Mike Matheson of Kennel District
While the potential of Multimedia is very real, the practical application thereof has some hefty work cut out for it. In the canon of modern multimedia, the Internet is perhaps the most developed in terms of maximizing its current potential, but it, too, is a long way from perfect. The question becomes: who will take the first steps in an effort to make multimedia accessible and viable for all? Perhaps thats what were seeing these days embodied in so-called Interactive Music CDs. One small step, as it were.
As we spoke, it became increasingly obvious that the world of multimedia is an often disappointing place. The CD-ROM, watershed that it was at 650 megabytes of storage, is poised to be supplanted by the Digital Versatile Disc (DVD), weighing in at an astonishing 18 GIGAbyte maximum. Hard drives are approaching terabyte proportions, modem bandwidth is rapidly increasing. It is truly a Brave New World. And a lonely one at that, where were going to have so much storage and very little meaningful content with which to fill it. At least, not yet.

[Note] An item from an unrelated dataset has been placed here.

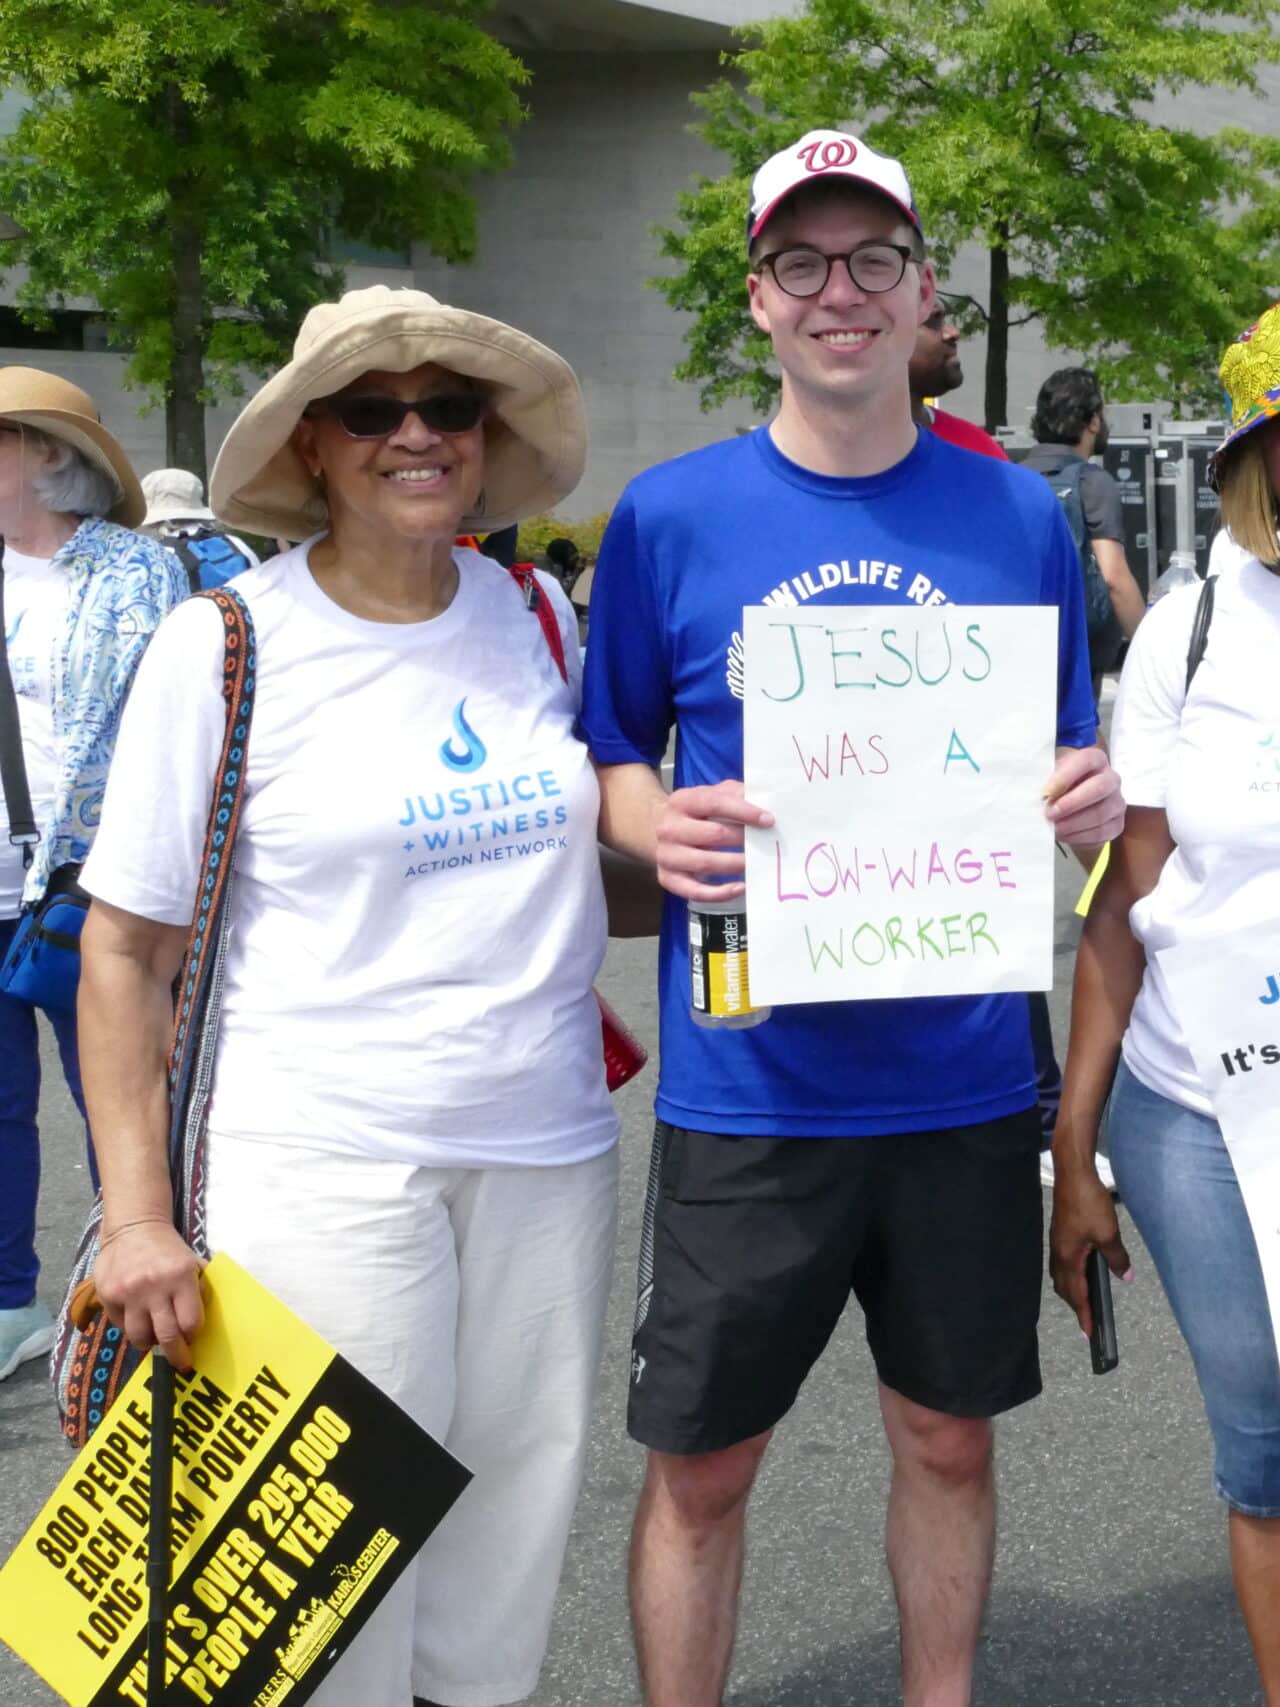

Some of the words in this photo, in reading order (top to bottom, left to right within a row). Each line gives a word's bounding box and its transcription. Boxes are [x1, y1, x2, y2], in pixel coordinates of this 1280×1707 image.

But I've always been one to give emerging technologies a chance. So I pop in The Electronic Edge Adventure to take a multimedia trip through the Toronto Music-Scape (after all, the Headstones rock). I fire it up, my 200-Mhz Pentium MMX with 64 megs of RAM ready to make short work of the Quicktimes, the AVIs, or whatever format the disc contains. I select Pentium as my computer type. I get a whimsical spinning globe which gives way to the Edge logo. Cool. Something's about to happen.
This program has performed an illegal operation. It will be shut down. If the problem persists, contact the vendor.